→ Brief: If a record holds a picture, leave the picture out and restate everything else word for word.

→ Input records:
···

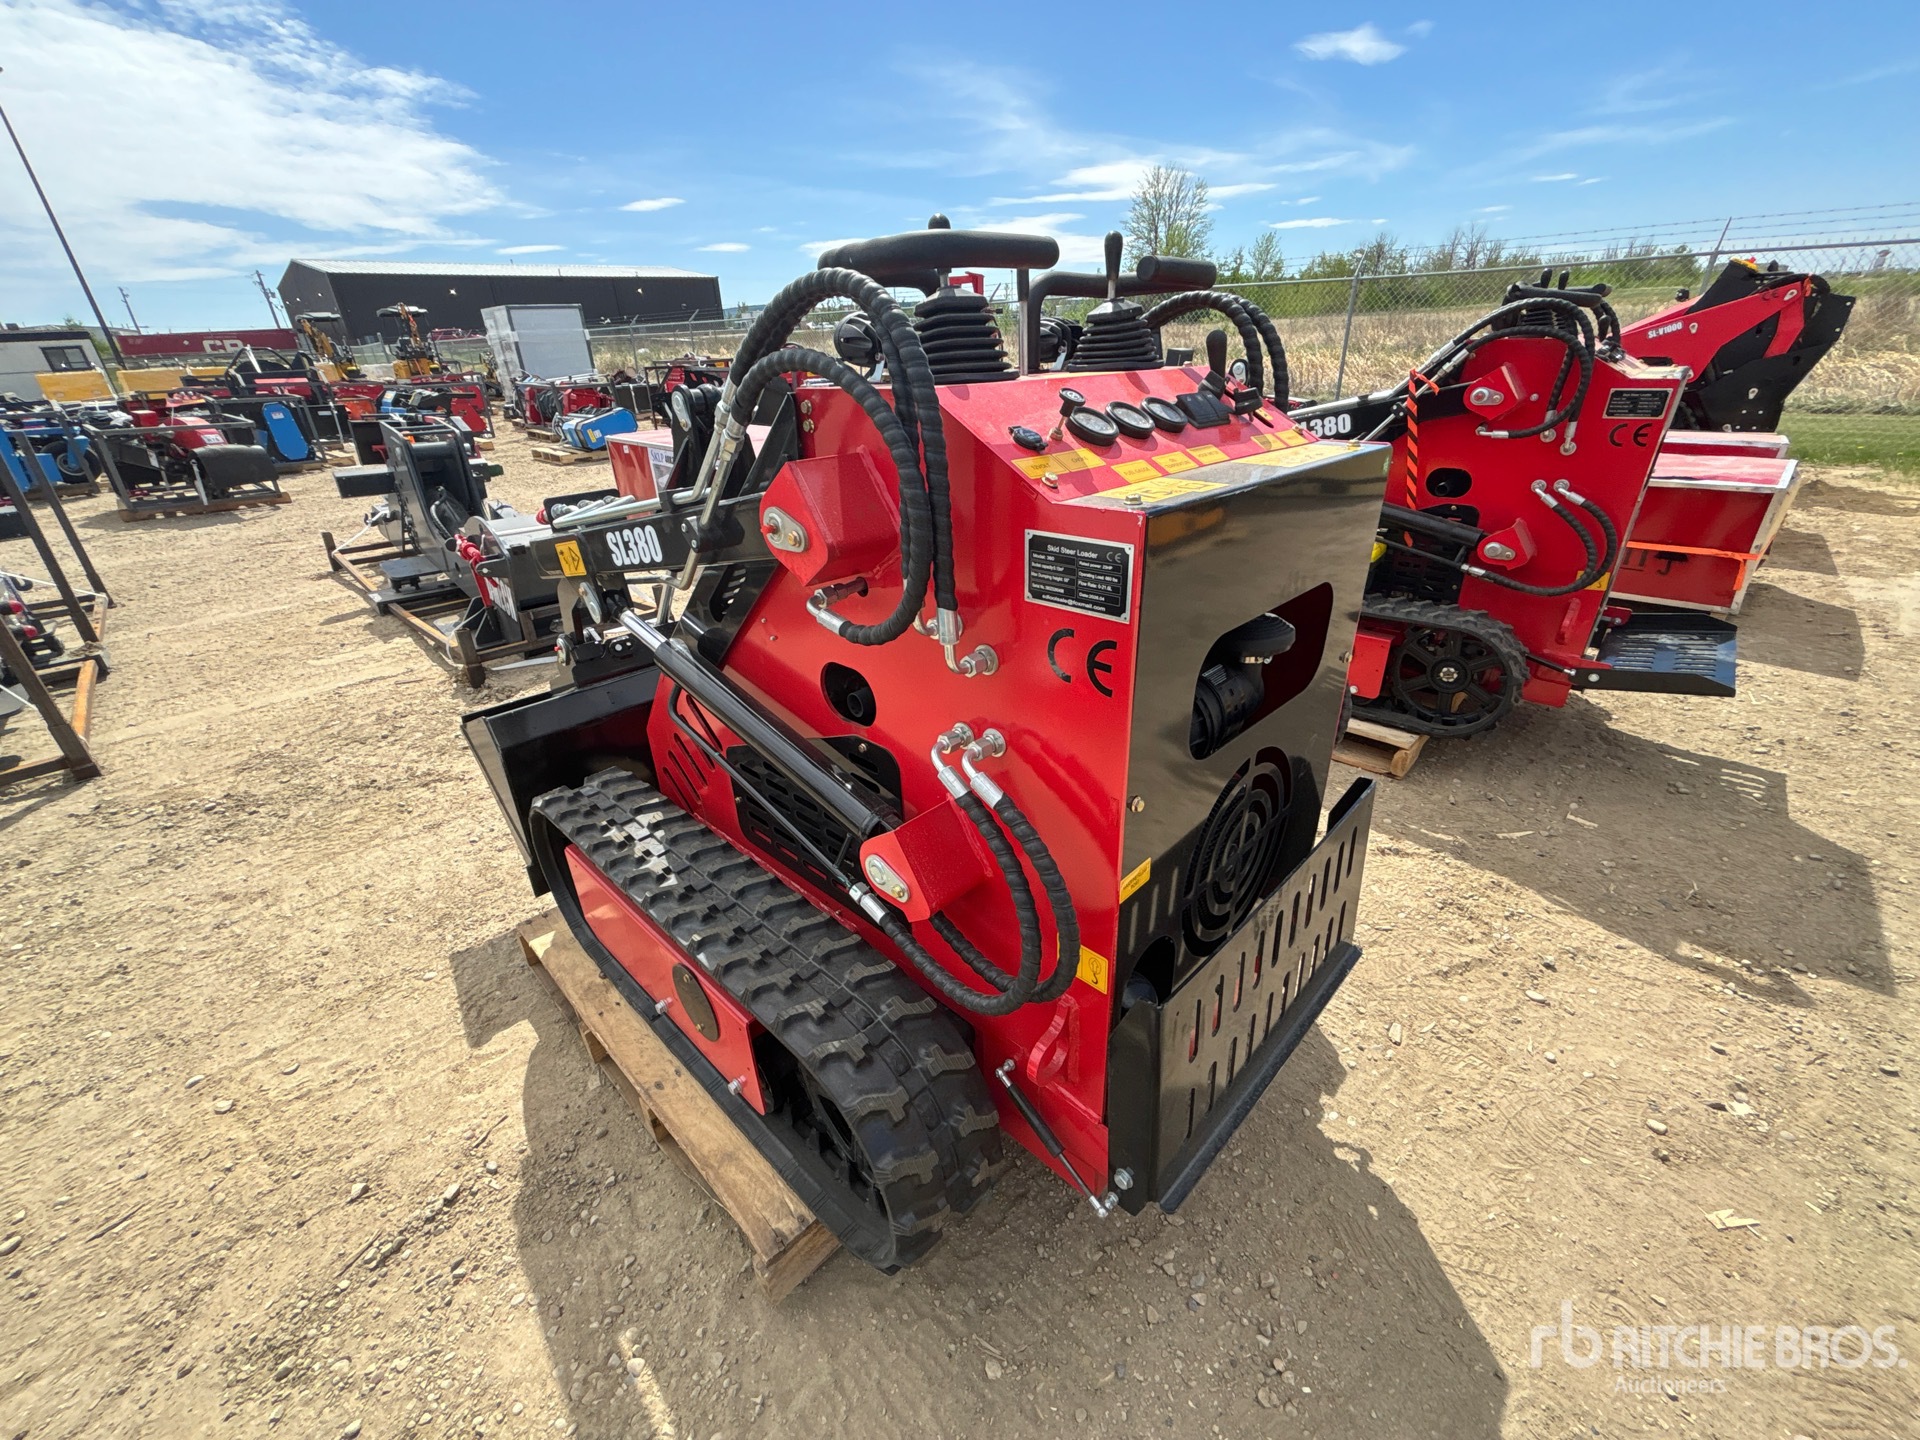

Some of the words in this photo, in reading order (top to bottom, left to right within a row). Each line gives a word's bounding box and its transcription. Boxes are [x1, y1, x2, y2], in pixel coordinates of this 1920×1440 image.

[1647, 321, 1683, 339] SL-V1000
[1609, 423, 1652, 448] CE
[605, 524, 663, 567] SL380
[1047, 544, 1060, 553] Skid
[1060, 546, 1077, 555] Steer
[1076, 549, 1099, 559] Loader
[1047, 627, 1118, 699] CE

···

→ Answer to the problem:
Some of the words in this photo, in reading order (top to bottom, left to right within a row). Each line gives a word's bounding box and its transcription. Boxes are [x1, y1, x2, y2], in pixel coordinates of this 1920×1440 image.

[1647, 321, 1683, 339] SL-V1000
[1609, 423, 1652, 448] CE
[605, 524, 663, 567] SL380
[1047, 544, 1060, 553] Skid
[1060, 546, 1077, 555] Steer
[1076, 549, 1099, 559] Loader
[1047, 627, 1118, 699] CE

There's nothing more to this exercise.